Sprache und Glaube bewahrt
Einige mennonitische Familien packten die Chance, betrieben Landwirtschaft, behielten ihr Plattdeutsch als Umgangssprache und lebten ihren christlichen Glauben nach alter Tradition. Die meisten haben sehr viele Kinder, Maria ist das jüngste von zehn. Als das Land kommunistisch wurde, zog ihre Familie wegen der zunehmenden Unterdrückung der Christen weiter nach Kasachstan und 1987 noch vor dem Mauerfall nach Deutschland. Maria war damals sieben Jahre alt, und spricht perfekt Deutsch.

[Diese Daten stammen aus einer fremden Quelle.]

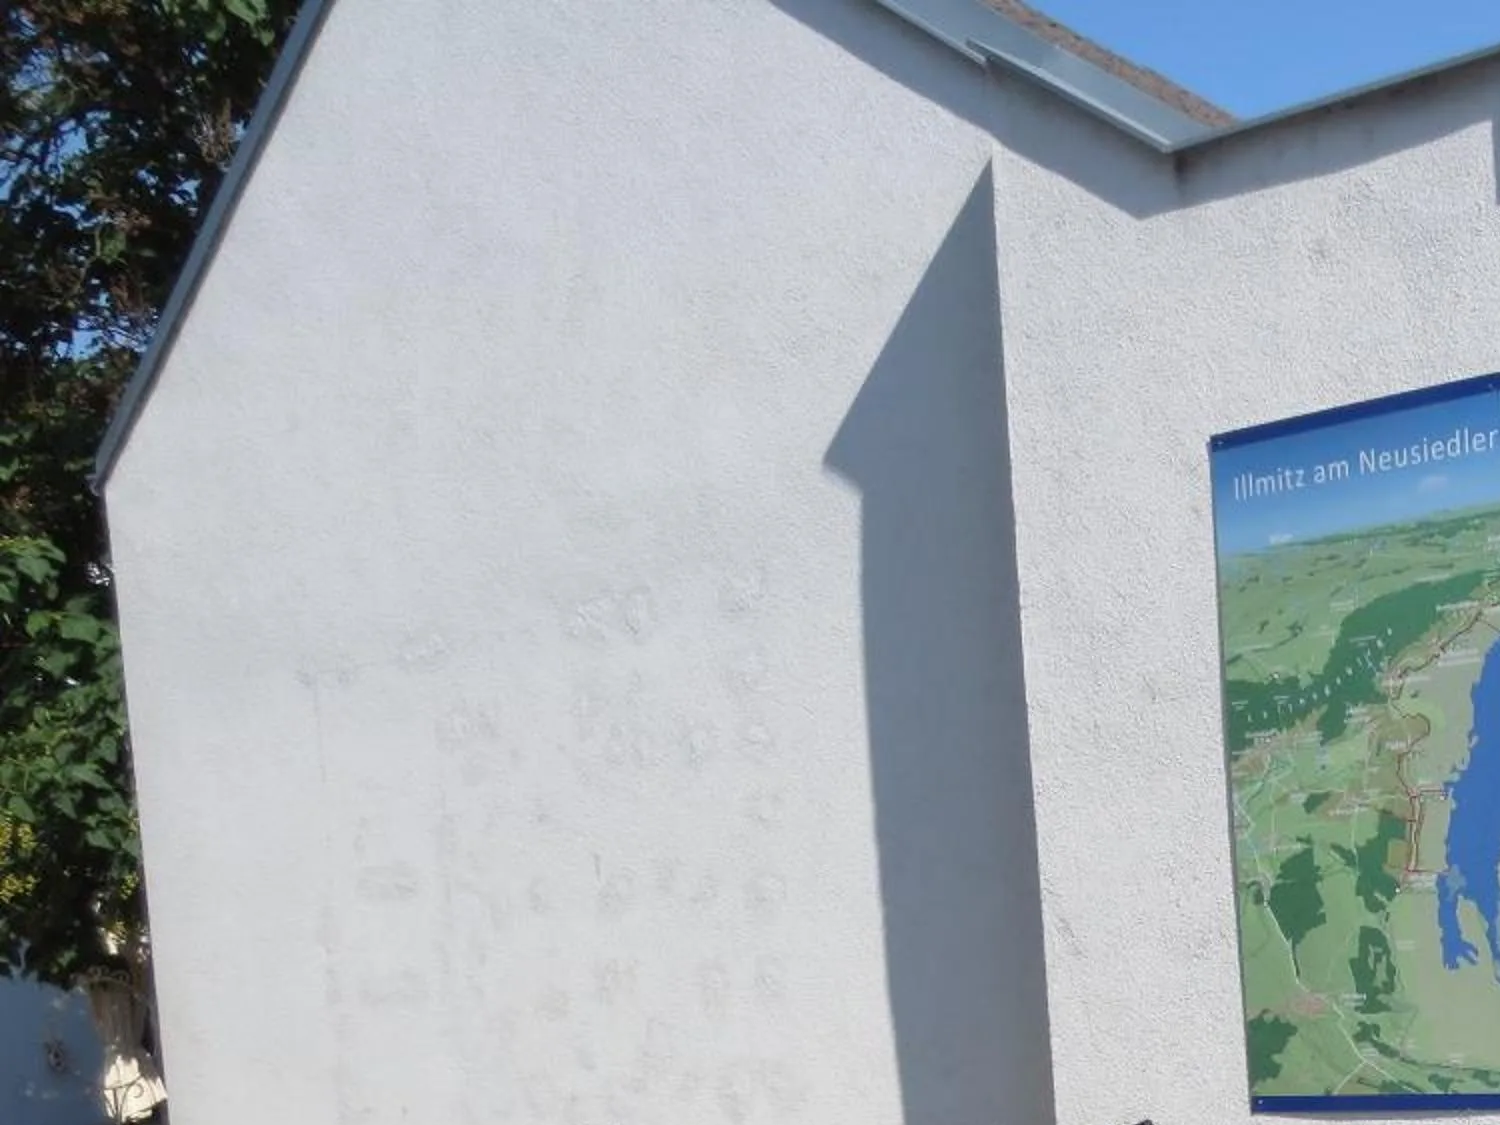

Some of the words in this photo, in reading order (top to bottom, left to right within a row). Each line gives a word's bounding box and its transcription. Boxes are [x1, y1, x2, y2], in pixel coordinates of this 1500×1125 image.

[1234, 467, 1306, 501] Illmitz
[1313, 458, 1350, 485] am
[1358, 427, 1500, 476] Neusiedler
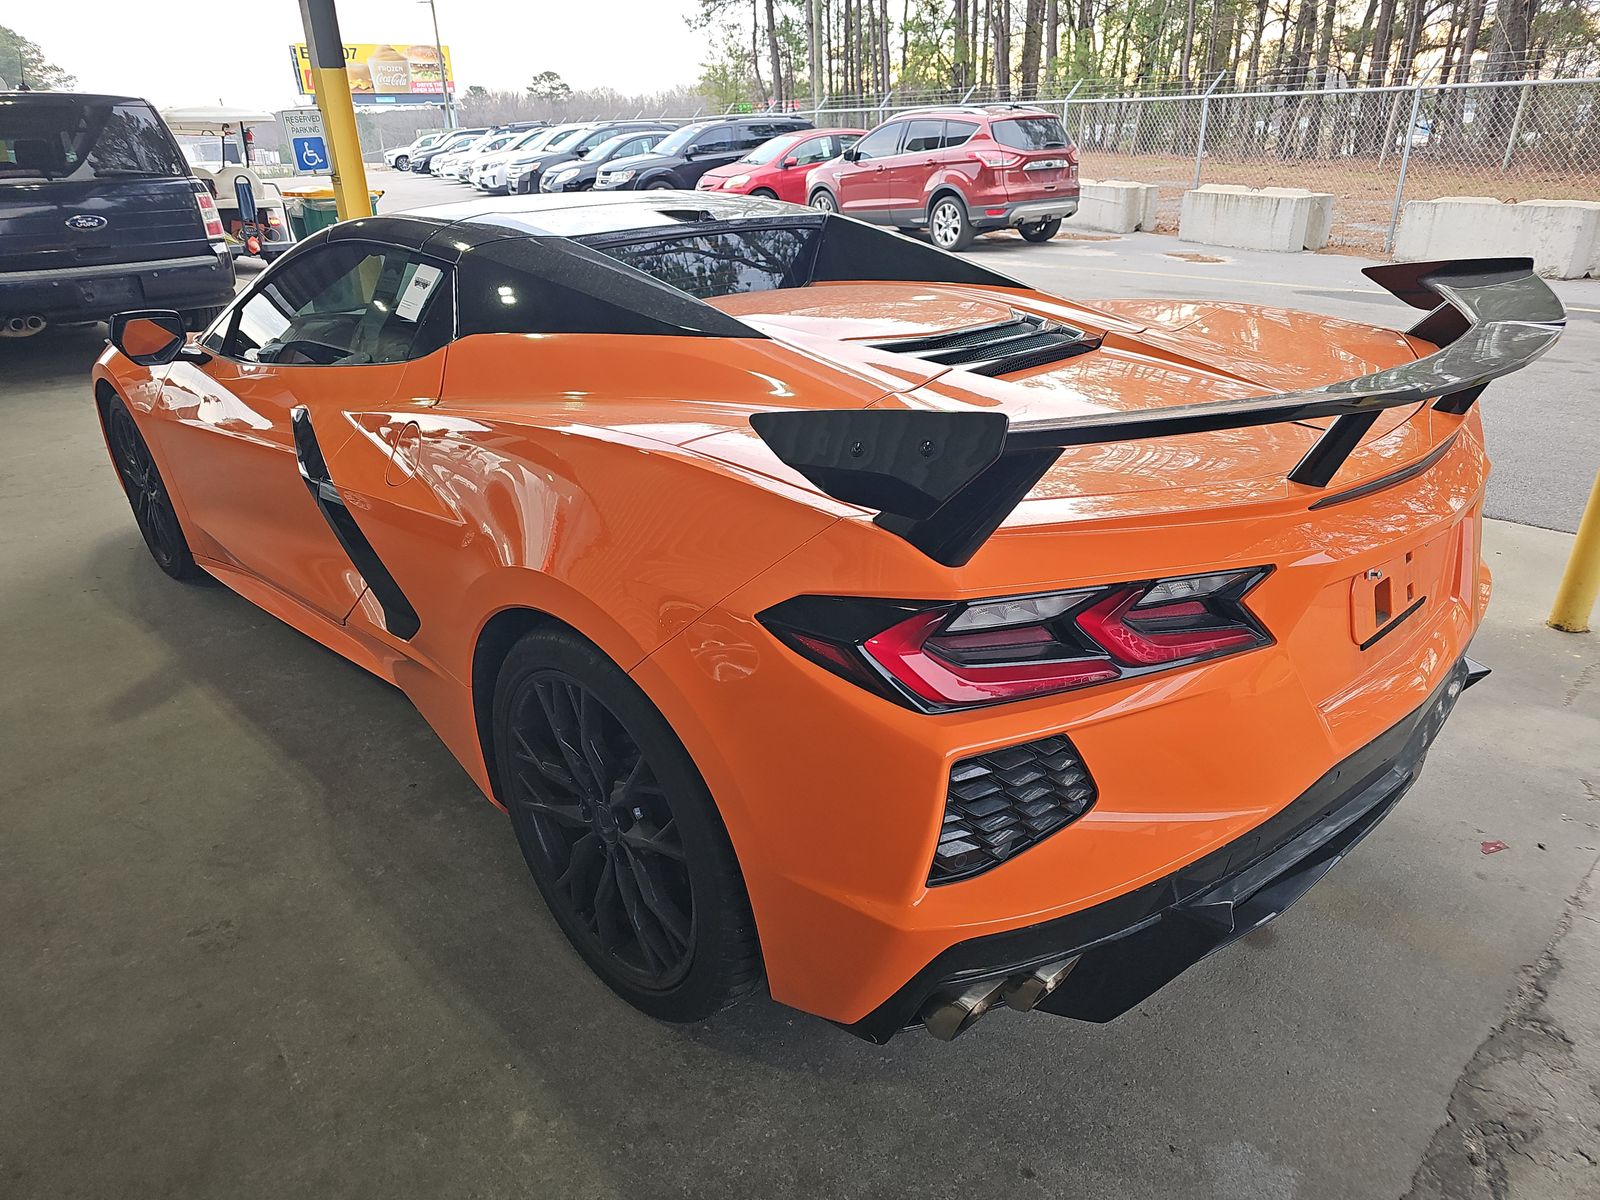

«Das hat Gott prima gemacht», sagt Martin und schmunzelt. «So konnten wir uns problemlos verständigen und näher kennenlernen.» Maria hatte sowieso vorgehabt, sich in der Schweiz Arbeit zu suchen und findet rasch eine Anstellung im Spital Davos. 2015 heiraten die beiden, zwei Jahre später kommt Sohn Ben zur Welt. Heute lebt Familie Wäfler sehr ländlich im schönen Dischmatal, umgeben von Kühen und Pferden. Sie gehören zur Freien Evangelischen Gemeinde, die in einer alten anglikanischen Kirche untergebracht ist.
Tüfteln und beten
Martin hat seinem Betrieb über all die Jahre die Treue gehalten und arbeitet als Serviceleiter im Büro und in der Werkstatt. «Ausser dem Verkauf mache ich alles», erklärt er. Steht eine komplizierte Reparatur an, dann klemmt er sich gern auch selbst dahinter. Seine reiche Erfahrung mit der Marke BMW kommt ihm dabei zugute. Er gibt zu: «Manchmal stosse auch ich an meine Grenzen. Erst nach stundenlangem Tüfteln kommt mir in den Sinn, es mal mit Beten zu versuchen…» Schon oft habe er dann erlebt, dass ihm die zündende Idee zuflog. Martin nennt ein Beispiel: «Einmal bat ich einen Mitarbeiter, einen bestimmten Stecker zu überprüfen – und genau dort waren zwei Kabel falsch verbunden.» Danach habe die Elektronik für die Anhängerkupplung wieder tadellos funktioniert.
Vertrauen wagen
«Es begeistert mich, Jesus konkret im Alltag zu erleben. Gottes Wort, der Bibel, zu glauben, hat mit Vertrauen zu tun», erklärt der 47-Jährige. «So wie meine Kunden darauf vertrauen müssen, dass ihr Auto dank des automatischen Bremssystems sicher einen schneebedeckten Abhang hinunterkommt, vertraue ich darauf, dass Jesus mich gut durchs Leben führt.»
Dieser Beitrag erschien zuerst in der Hope Davos-Klosters.